Judgment Call

Once upon a time, I chose to be confirmed in the First United Methodist Church. I was twelve years old and a singular outlier in a closed society. I joined, hoping that membership would foster a kind of belonging I hungered for. I needed to feel embraced and protected by a great, all-encompassing love. The Methodist Church promised me that all were welcome there. I believed.

It is clear now that my iconoclastic half-  Jewish self would not even be invited to join the United Methodist Church today. Having recently announced their decision to allow ministers and administrators to ostracize members of the LGBTQ communities, the church has tacitly granted their congregations a license to shun anyone with traits the church finds offensive. There is no way they would welcome me.

I stopped attending church and identifying as a Methodist some sixty years ago. But until the announcement, however, I harbored a feeling of warmth for what I believed were its precepts. Those I learned from my father, perhaps the noblest Methodist of them all, and they are rooted in a memory I have of a time he acted in a way that demonstrated what I still believe Christianity is basically all about. Long after leaving his church, I attributed his accepting nature to the education it had given him.

In the 1970s, my brother was about to come out to my parents. I worried at first that my father might be less than sympathetic.  

Daddy, a conservative, Iowa-born Republican, belonged to the First United Methodist Church in my small Upstate New York home town. He was known there for the dour parables around which his lay sermons were constructed and by the incongruently kindly manner with which he delivered his fire and brimstone messages to the seventh graders he taught in Sunday School. Though he treated all people with compassion and consideration, his attitude could be harshly judgmental toward people with ethical or moral standards that were not his.

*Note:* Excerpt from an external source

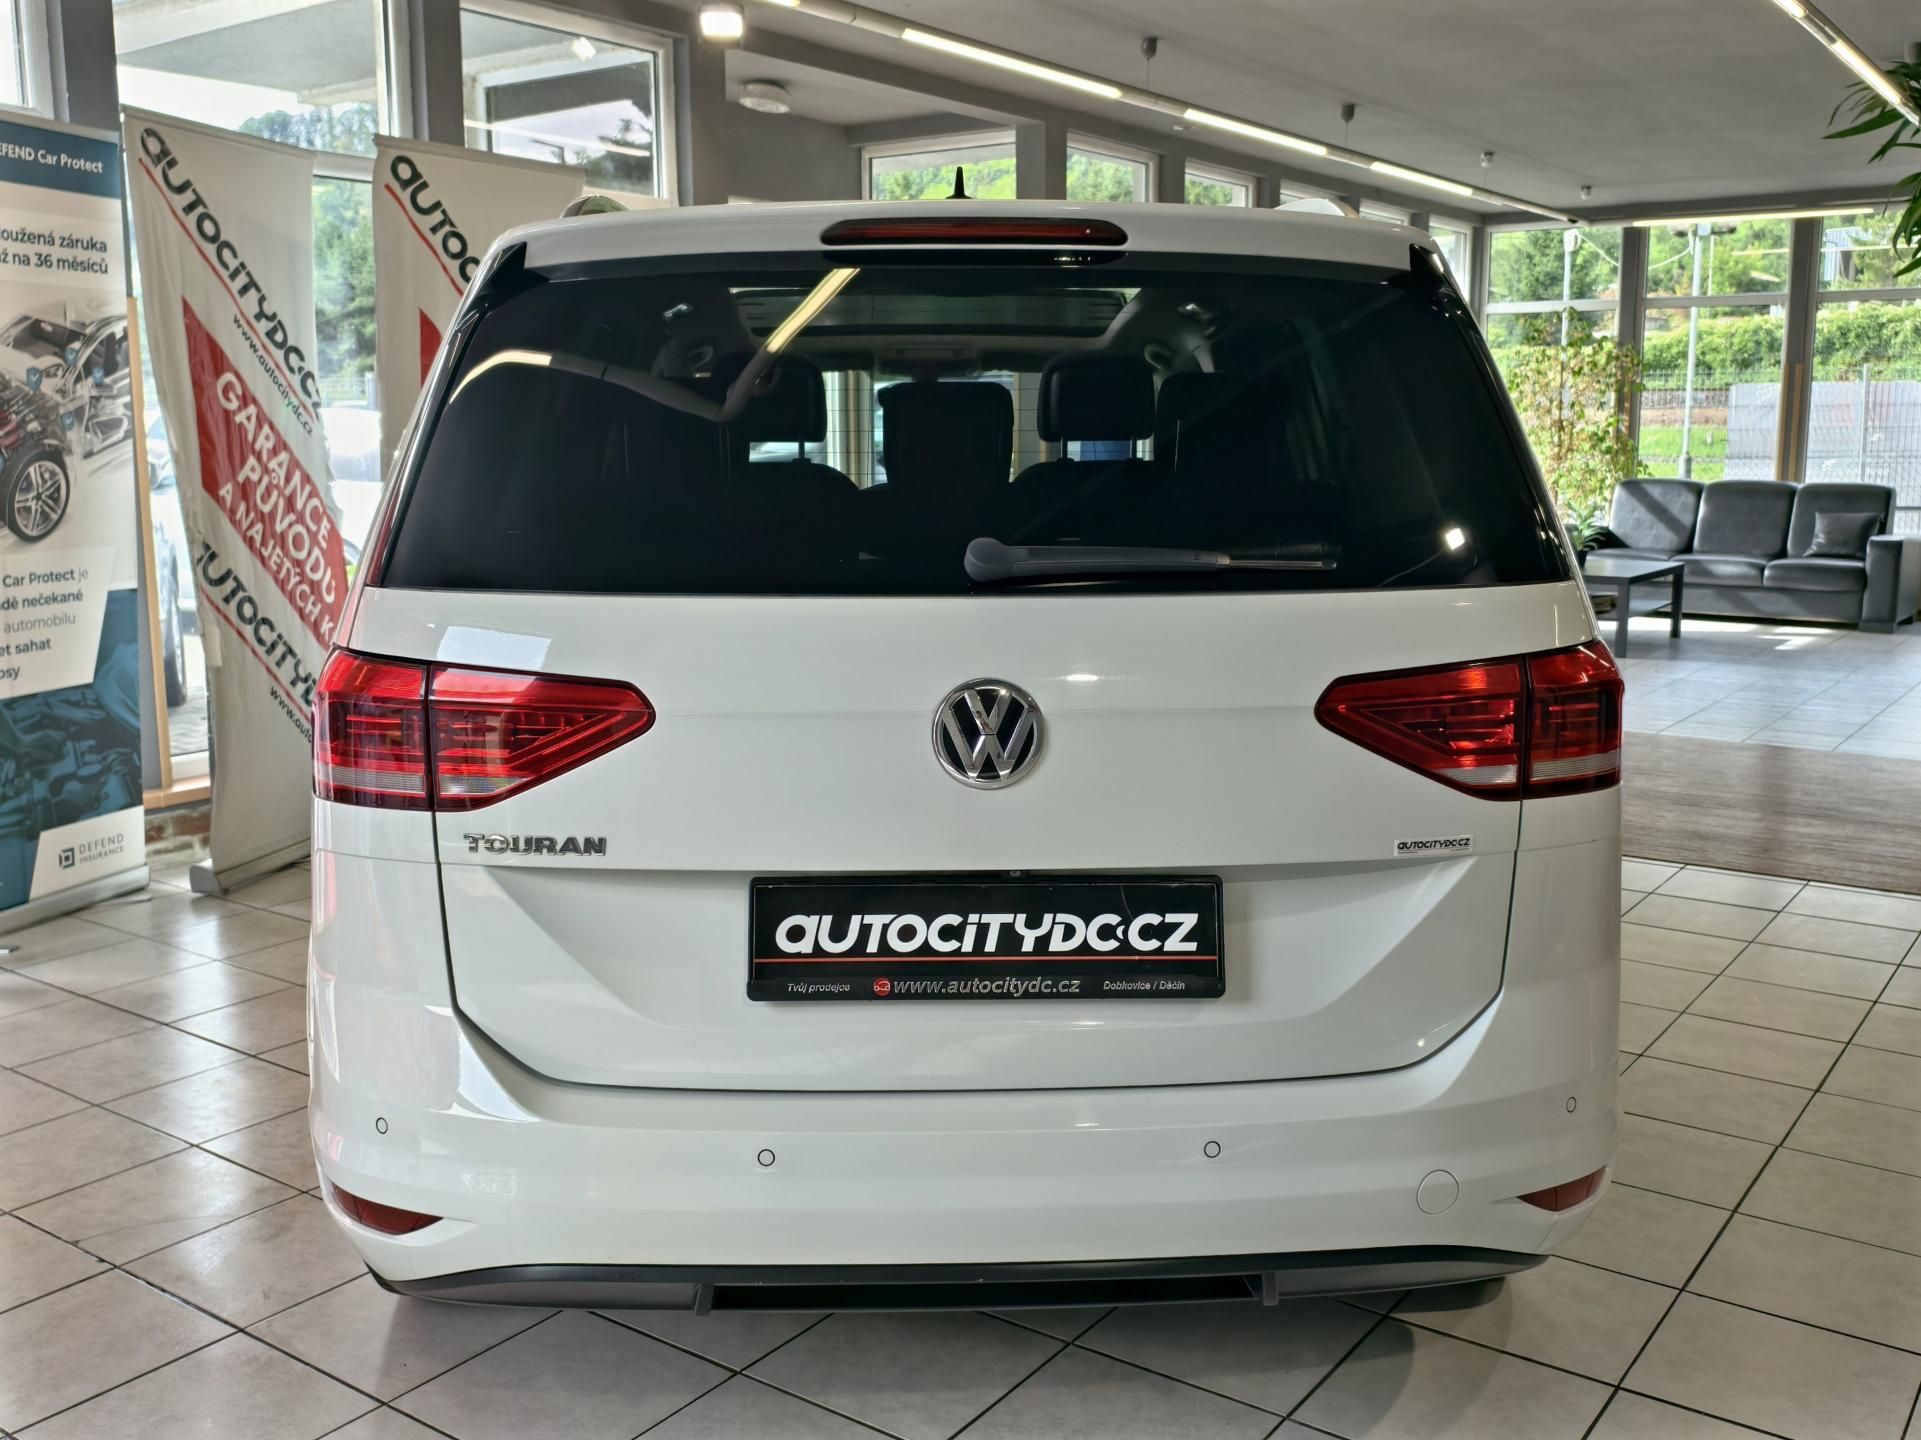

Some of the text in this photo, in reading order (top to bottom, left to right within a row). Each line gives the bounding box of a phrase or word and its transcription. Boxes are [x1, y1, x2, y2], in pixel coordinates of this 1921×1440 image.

From early childhood, Daddy had been taught that liquor, gambling, card playing, and dancing were sins, as was pre- or extra-marital sex. His sense of humor was corny, old-fashioned, chaste.  He allowed no swearing of any kind in his presence. I was reprimanded when I said, “Oh, gosh,” or “Jesumcrow,” the faux curses that punctuated our Adirondack lingo. In our home, there were no alcoholic beverages, no playing cards, no off-color books or art house nudes. All were banned, I assumed, because my father’s faith required that he disdain them. He seemed to have been indoctrinated by a kind of paradoxical orthodoxy. It was hard to predict how he would react to being the father of a homosexual.

In the first place, the news did not surprise him. And in the second, it did not faze him. “You are my son, and I love you,” he said to my brother. “Nothing could change that.” Not long afterward, my brother, newly mustered out of the Air Force and figuring out what to do next, moved in with my parents. The man who was his first serious partner moved in with him.

I needn’t have worried.

One evening, I arrived at my parents’ house to find my brother and his boyfriend intertwined and making out on the couch in the middle of the family room at the center of the house. More surprising than their unabashed PDAs was the fact that my father sat in the easy chair next to them watching television and eating watermelon. “This doesn’t bother you, Daddy?” I asked pointing to the lovers, who were oblivious to my arrival.

“Should it?” Daddy replied.

“No. Not at all,” I stammered. “But your religion. . . “

“My religion is Jesus Christ,” he said. “Jesus said, ‘Judge not lest ye be judged.’ Shall I be less open than Jesus, whose teachings define my life?”

“But the church, Daddy, won’t the church. . . .”

“The church would never defy our Lord’s teachings.” He stopped. His eyes were distant. He lifted his arms. He was in preacher mode. “The Church welcomes all.”

I accepted him at his word. And I trusted that his beliefs emanated from the doctrine espoused by the religion to which he had unfaltering allegiance. He never missed a Sunday service, never failed to participate in church programs, never refused to teach or to counsel or to take to the pulpit. He was a true believer. So I presumed – hoped – that this church, in which he had raised his seven children, was as accepting as he was.

Hence my shock and confusion when I read the church’s announcement. Traditions I was not aware of had superseded those I had inferred. Traditions of barring homosexuals from ordination, of refusing to sanction same sex marriage, of enforcing strict penalties against clerics who broke the rules and accepted the “gay life style” as a viable human alternative.

Luckily, the declaration is no more than an abstract annoyance for me. And an affirmation of my choice to leave the church all those many years ago. But what of the people – there must be many – like my father. . . the true believers, the ones who honestly see their church as the messenger of their Christ? Does this feel like a betrayal to them? Their church has rejected the notions of inclusion, of loving one’s neighbor as oneself, of refraining from a judgment that Jesus demonstrated by washing Mary Magdalene’s feet, by breaking bread with sinners, by feeding and healing the lepers.

Surely Jesus would be disappointed in this Methodist manifesto. I know Daddy would be.